La tejedora de la muerte

la-tejedora
Concha López Narváez
La tejedora de la muerte,
Madrid, Bruño, (2 1996)

Anabel Sáiz Ripoll

La tejedora de la muerte es una historia extraordinariamente bien construida. Se estructura en torno a tres ejes:
-Andrea en el presente (es una mujer adulta)
-los recuerdos de Andrea niña (con 10 años)
-la mezcla de tiempos (fusión de los dos anteriores)
La protagonista, por un azar que le remueve los recuerdos, decide acercarse al misterio que marcó toda su infancia. Decide regresar a su casa, en el pueblo, e introducirse de lleno en ese tiempo, el de sus 10 años. Para ello cuenta con la información de María Francisca, la hermana de Rosa, su antigua chacha, quien le desvela el origen el misterio y la sume en más dudas. Veamos:
-cuando Andrea tenía 10 años recuerda que vio una mecedora que se movía durante una tormenta, a le vez que se escuchó un trueno y gritos en la calle. Su madre tuvo mucho miedo y no dejó volver a Andrea a esa habitación en la que se hallaba la mecedora.

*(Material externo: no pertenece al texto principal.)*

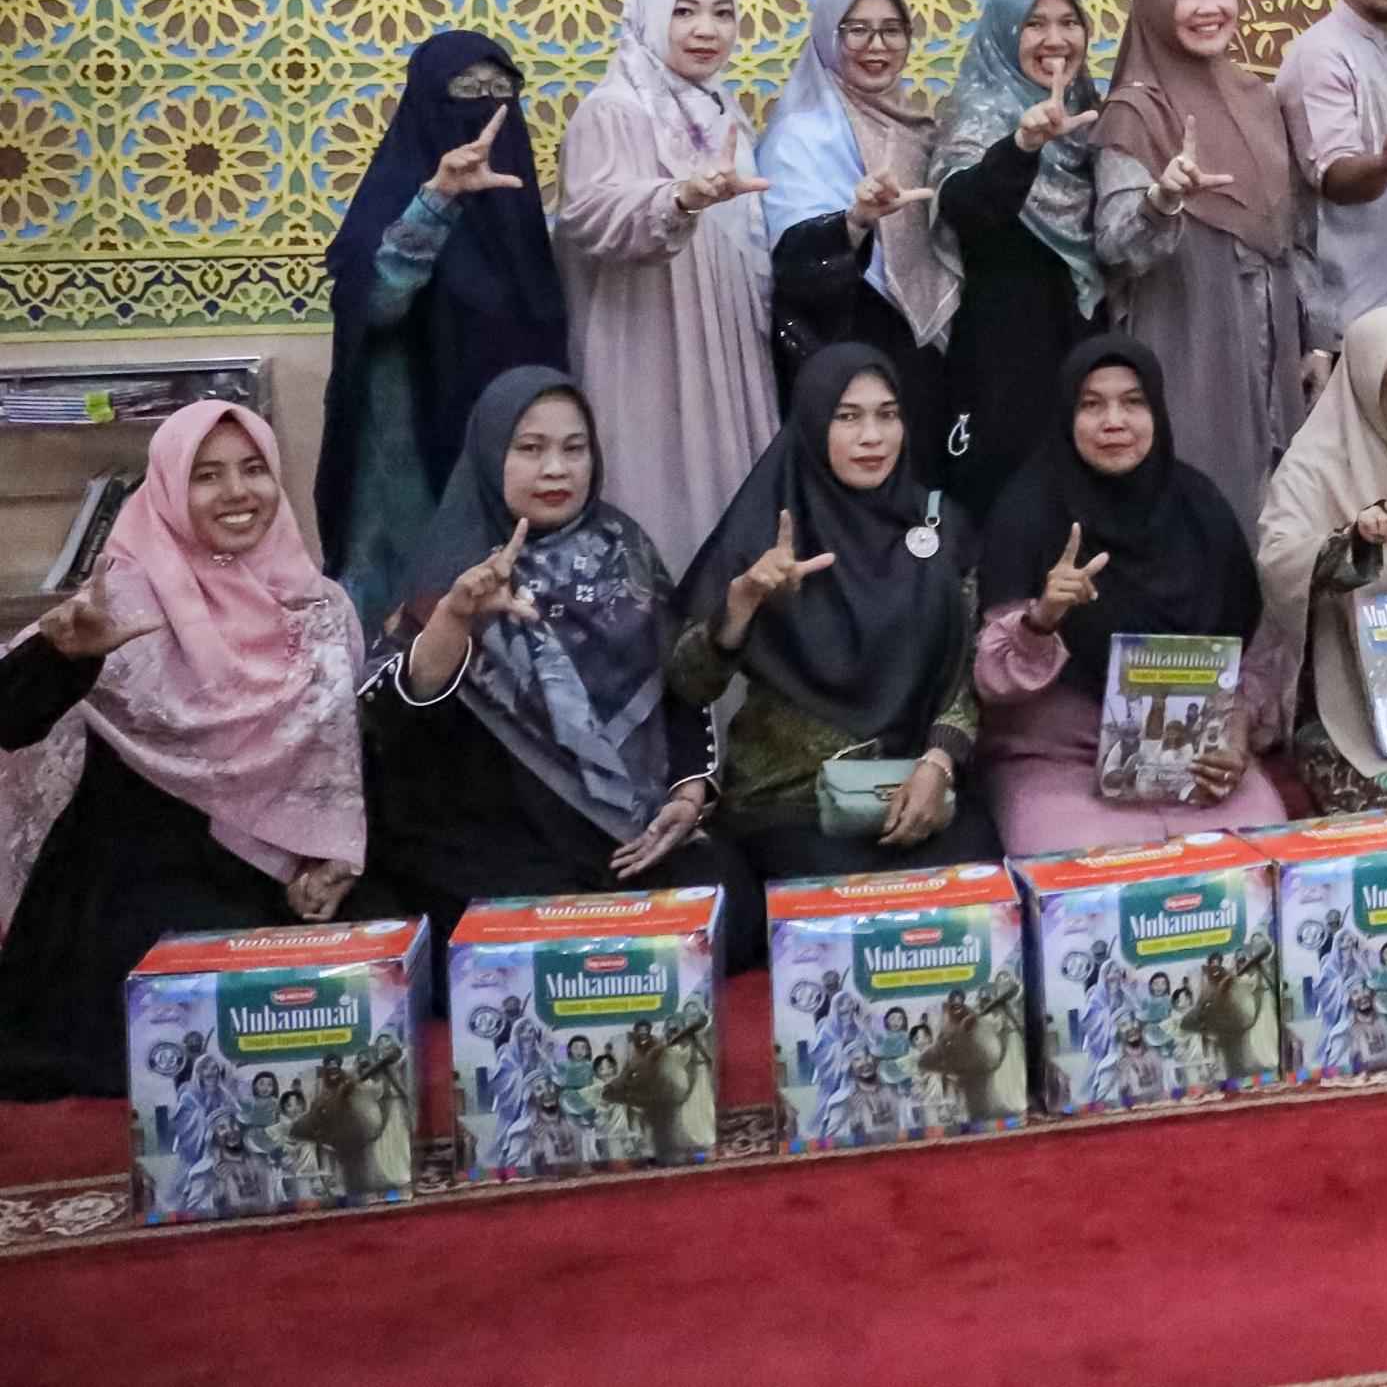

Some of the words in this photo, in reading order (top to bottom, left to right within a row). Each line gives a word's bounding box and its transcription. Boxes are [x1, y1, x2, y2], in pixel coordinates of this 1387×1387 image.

-cuando Andrea tiene 40 años, María Francisca le cuenta lo que su madre calló siempre. Le habla de una historia familiar de odios y venganzas y le pone rostro y nombre a esa tejedora que se instaló en su mecedora, hace ya 30 años
El día en que murió la tejedora, que era una anciana pariente de Andrea sobre la que circulaban rumores de que era capaz de predecir las muertes y de invocarlas con sus agujas de tejer, el entierro pasó cerca de la casa de Andrea y, precisamente, cuando la tormenta estaba en su momento máximo, el ataúd cayó y empezó a moverse la mecedora. Intuimos que la tejedora fue a instalarse a casa de Andrea y a tejer su vida y su muerte en sus agujas. La madre de Andrea la salvó de morir porque Elisa, la tejedora, estaba ya por la franja 10, los mismos años que Andrea tenía entonces.
Nos interesa especialmente ese juego temporal que establece la autora. Nos sitúa en tres dimensiones:
1.El tiempo real (30 años antes, 30 años después)

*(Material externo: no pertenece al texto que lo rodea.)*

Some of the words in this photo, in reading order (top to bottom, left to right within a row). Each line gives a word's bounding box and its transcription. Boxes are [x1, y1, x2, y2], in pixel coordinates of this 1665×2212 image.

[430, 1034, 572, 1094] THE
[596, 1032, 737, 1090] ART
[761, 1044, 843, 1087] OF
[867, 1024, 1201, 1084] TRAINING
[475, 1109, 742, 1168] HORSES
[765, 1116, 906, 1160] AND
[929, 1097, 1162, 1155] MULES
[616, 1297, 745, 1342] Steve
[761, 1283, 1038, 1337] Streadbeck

2. Tiempo del experimento (Andrea decide dormir 5 noches en su antigua habitación hasta que la tejedora se le hace muy evidente y pasa verdadero miedo; pero concluye el experimento, podríamos llamar, parapsicológico. La tejedora es sólo una mujer cansada que desea desaparecer:
“Es evidente que no puede verme.
La contemplo, ya mucho más tranquila, y observo cómo reclina la cabeza sobre el respaldo, cierra los ojos, cruza las manos sobre el pecho y comienza a balancearse.

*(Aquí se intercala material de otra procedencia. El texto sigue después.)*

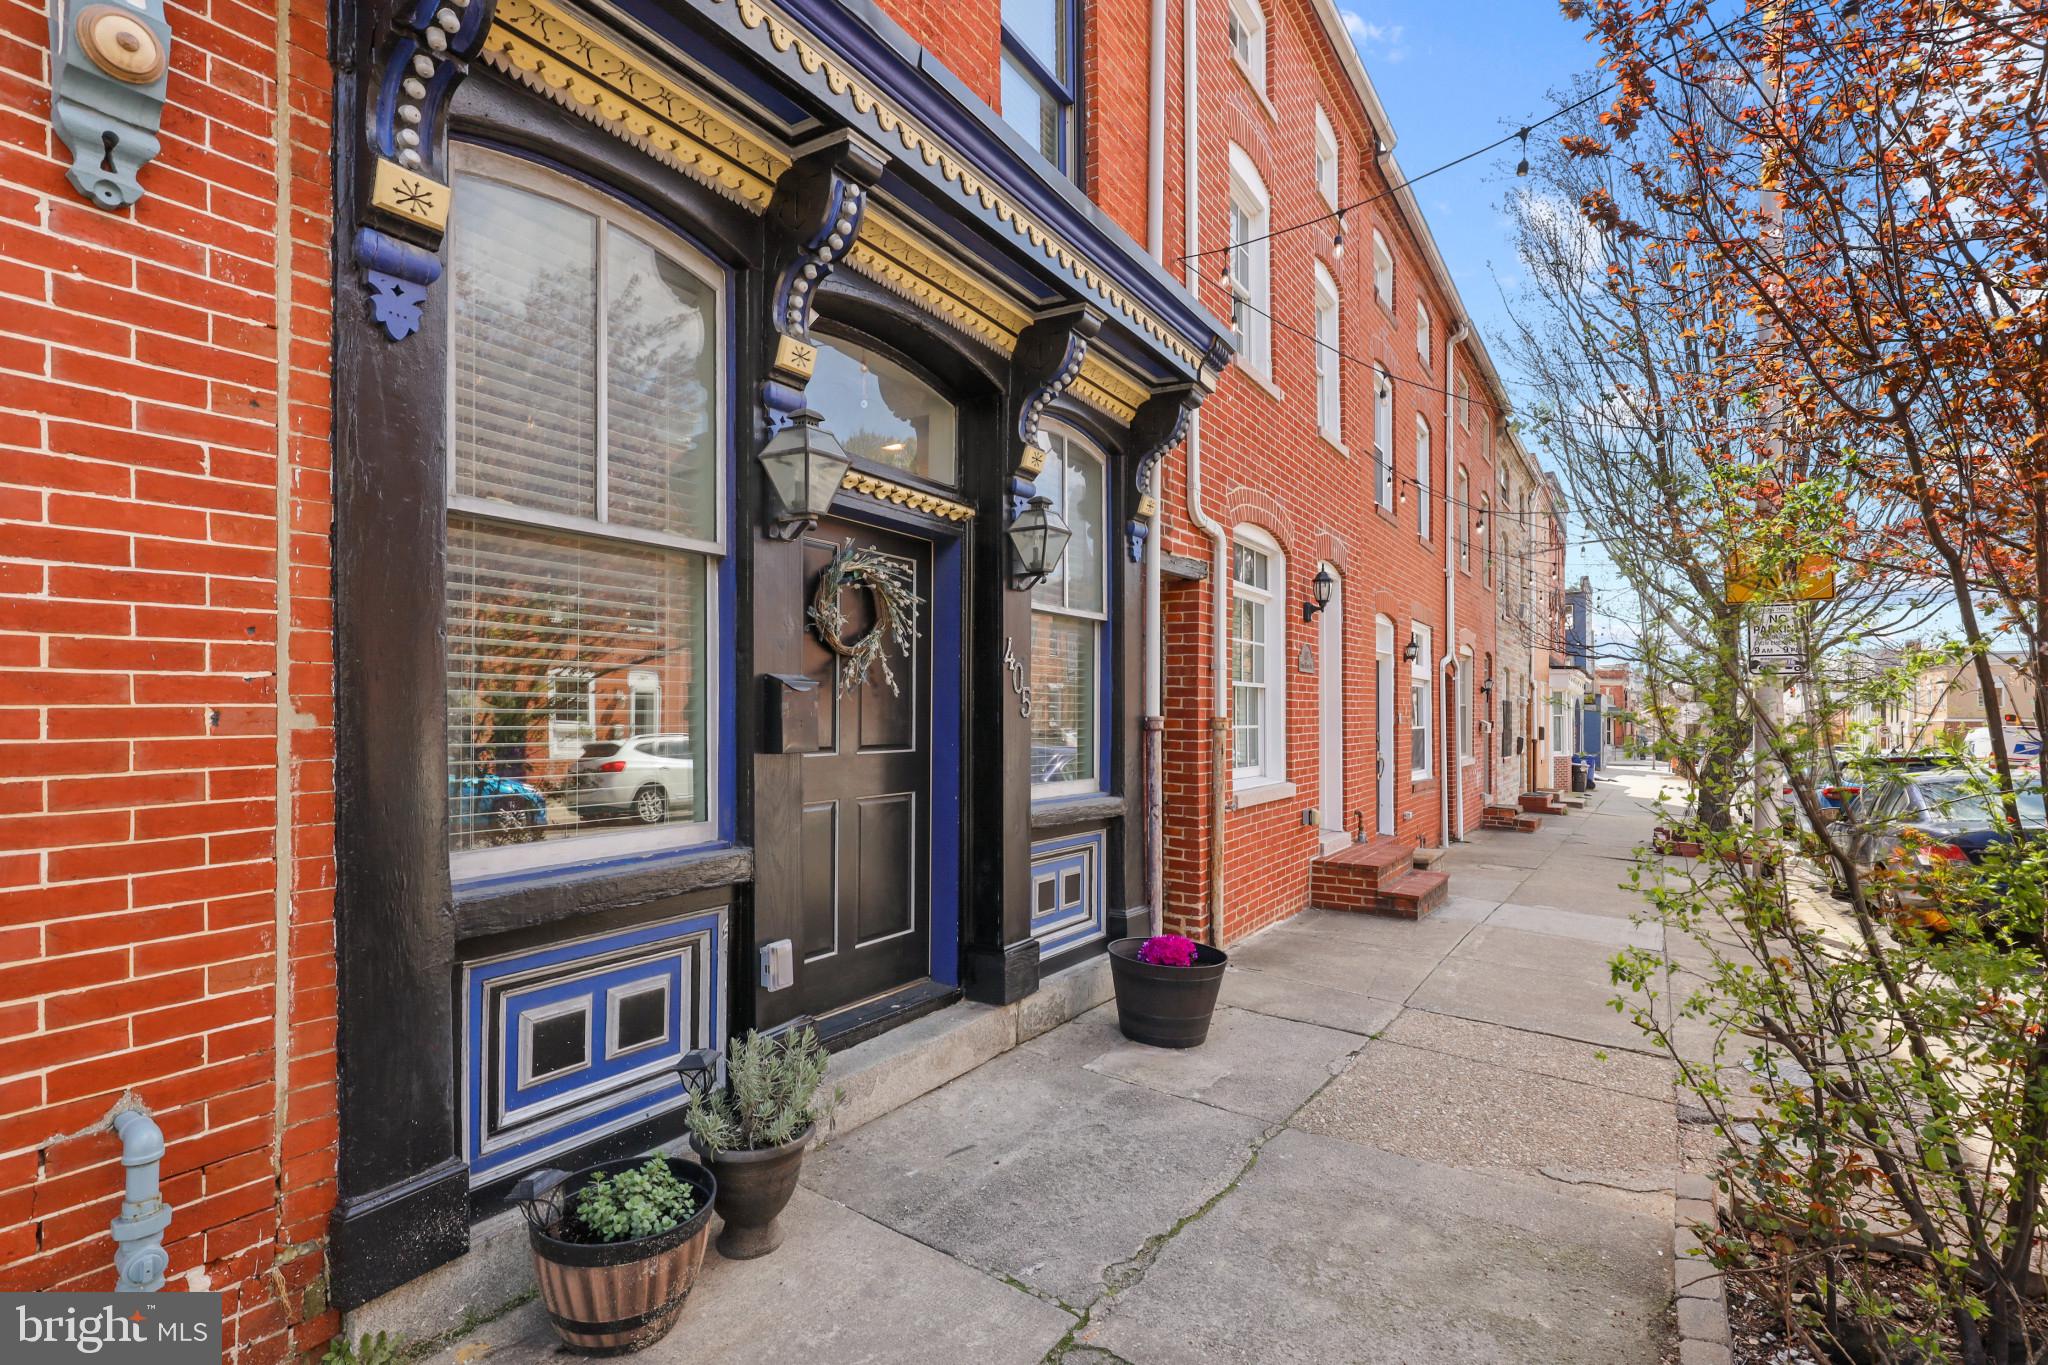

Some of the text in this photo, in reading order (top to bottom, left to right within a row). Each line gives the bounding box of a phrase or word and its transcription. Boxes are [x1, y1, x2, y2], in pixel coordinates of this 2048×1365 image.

[1769, 614, 1787, 623] NO
[1753, 624, 1800, 635] PARKIN
[1754, 646, 1760, 654] 9
[1004, 637, 1031, 718] 405

Es sorprendente; pero su aspecto parece el de alguien cansado que, al fin, hubiera hallado reposo para su cuerpo y paz para su espíritu.
Los balanceos cesan poco a poco, y la tejedora de la muerte se levanta de su asiento. Durante unos segundos vuelve a contemplar lo que le rodea. Luego su imagen comienza a desvanecerse, hasta que desaparece, envuelta en una niebla luminosa”.
3. Tiempo del entierro, que es donde se fraguó el origen del misterio
Andrea tiene la valentía necesaria para encararse a su pasado y poder reconocerse en su presente. El objetivo de los relatos de terror destinados al público infantil y juvenil pueden resumirse, precisamente, en esta idea y también en las palabras de Concha López Narváez, incluidas como pórtico a esta historia: “Sabemos que los peligros literarios no pueden alcanzarnos, por eso el miedo se convierte en placer, porque, si el mal que nos amenaza está entre las páginas de un libro, siempre podrá ser controlado o vencido. De este modo, un relato cumple la función de ser una especie de pararrayos, capaz de neutralizar las descargas negativas de nuestros miedos reales”.